The castaway told US ambassador Thomas Armbruster, who was acting as an interpreter for Marshall Islands authorities, that he was originally from El Salvador but had been living in Mexico for 15 years before his epic voyage.

“He said he is a shrimp and shark fisherman,” Armbruster said on Monday in Majuro minutes after talking to him. “He looked better than one would expect.”

And foreign ministry officials said he told them during a debriefing that he was a 37-year-old whose full name was Jose Salvador Albarengo.

He said he lived in Tapachula, near the Mexican border with Guatemala, and worked for a company named Camoronera Dela Costa.

Albarengo said he was on a shark-fishing expedition with a youth named Xiquel when strong winds blew them off course and they became lost.

Albarengo said the boy, described as between 15 and 18 years old, died a few weeks into the ordeal because he could not eat raw bird meat.

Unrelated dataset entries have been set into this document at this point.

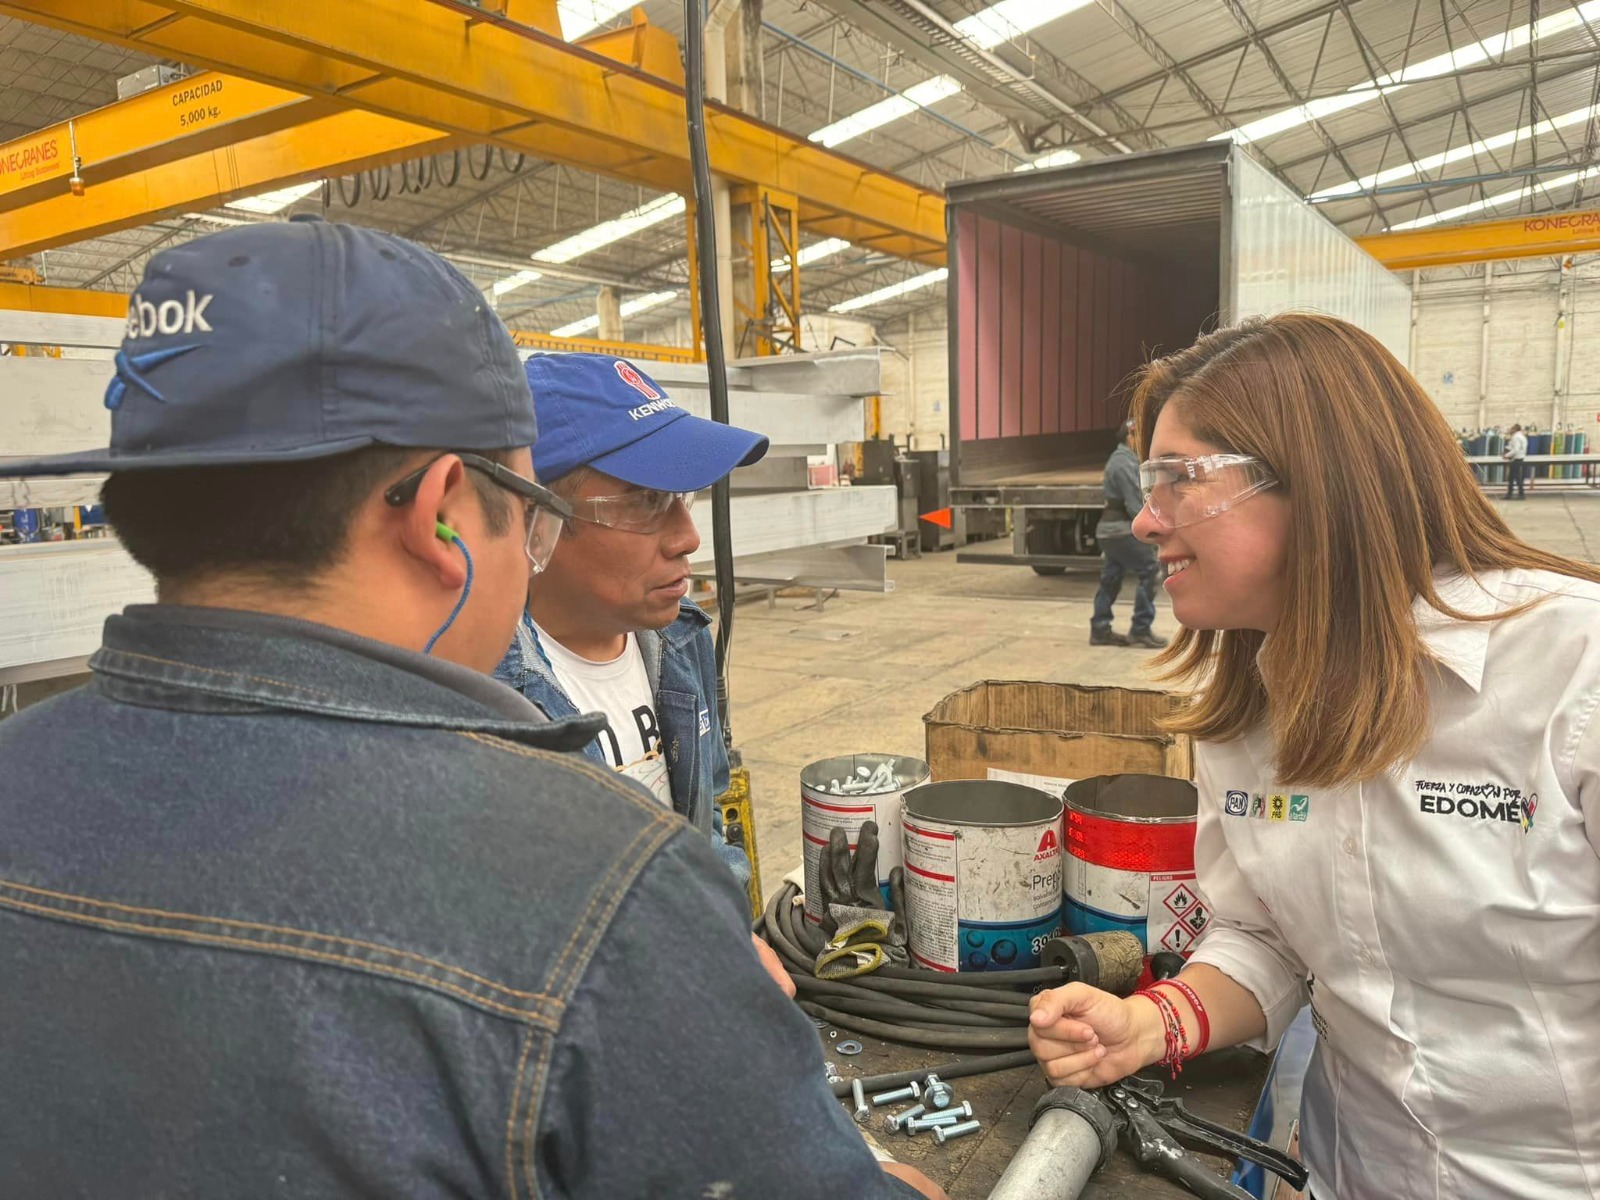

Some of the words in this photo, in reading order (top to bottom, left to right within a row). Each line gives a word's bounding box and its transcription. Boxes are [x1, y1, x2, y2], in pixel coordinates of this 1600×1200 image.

[172, 79, 223, 107] CAPACIDAD
[180, 108, 206, 127] 5,000
[0, 139, 58, 176] NECRANES
[1415, 780, 1447, 793] FUERZA
[1449, 782, 1456, 793] Y
[1503, 787, 1521, 800] POR
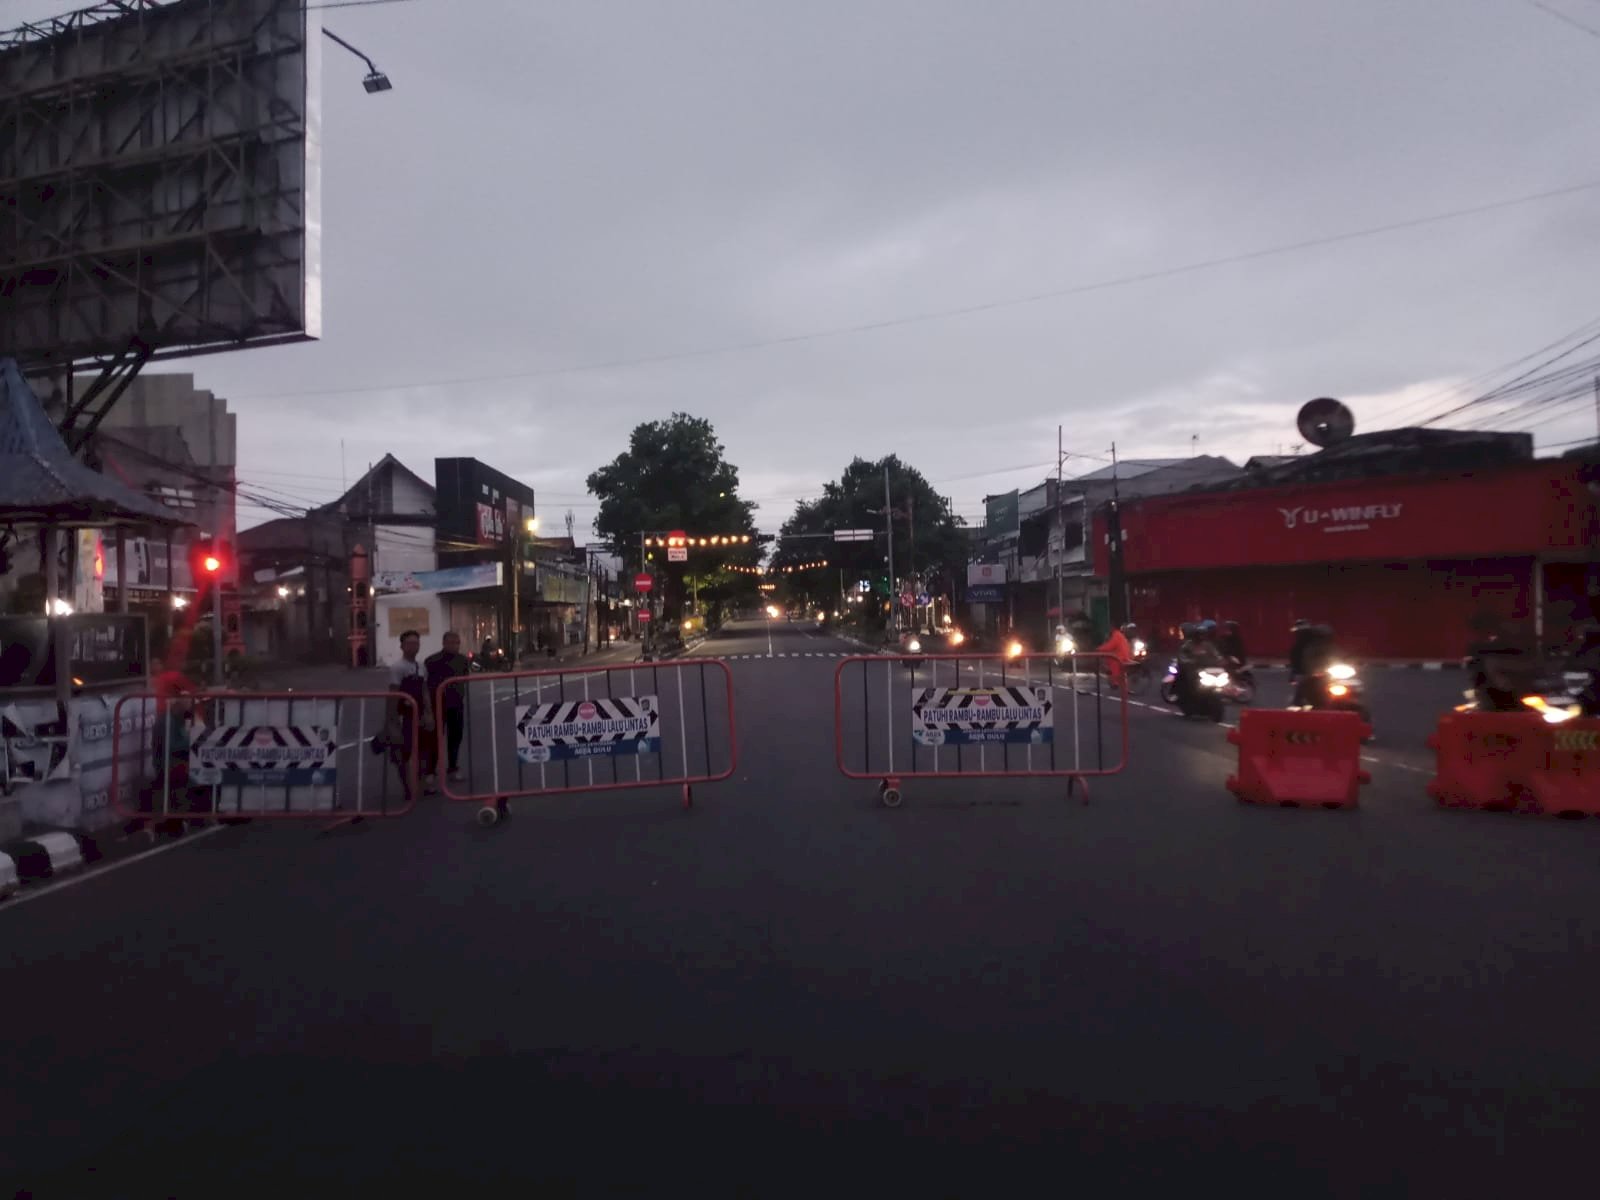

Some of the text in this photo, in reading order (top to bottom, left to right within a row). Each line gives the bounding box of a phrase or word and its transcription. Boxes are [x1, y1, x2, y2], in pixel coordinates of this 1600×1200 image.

The surviving fisherman was found disorientated and clad only in ragged underpants last Thursday, after his 7.3m fibreglass boat floated onto a reef at Ebon Atoll, the southernmost cluster of coral islands in the Marshalls.

Unable to speak English, he communicated to his rescuers through pictures and gestures that he had survived the 12 500km odyssey by eating turtles, birds and fish and drinking turtle blood when there was no rain.

Marshall Islands immigration chief Damien Jacklick said authorities were still gathering information and the foreign affairs department planned to contact overseas officials to arrange his repatriation.

“With the help of the US ambassador, we were able to obtain information on his family members in El Salvador and the United States,” he told AFP. “We hope this information will help us track down his family.”

Medics plan to give Albarengo a thorough check before he is interviewed by detectives.

He spoke briefly to a Spanish interpreter via a faltering radio link over the weekend while still at Ebon Atoll and said he was keen to return home.

“I feel bad,” he said of his physical and mental state. “I am so far away. I don't know where I am or what happened.”

Stories of survival in the vast Pacific are not uncommon.

In 2006, three Mexicans made international headlines when they were discovered drifting, also in a small fibreglass boat near the Marshall Islands, nine months after setting out on a shark-fishing expedition.

They survived on a diet of rainwater, raw fish and seabirds, with their hopes kept alive by reading the Bible.

Castaways from Kiribati, to the south, frequently find land in the Marshall Islands after ordeals of weeks or months at sea in small boats.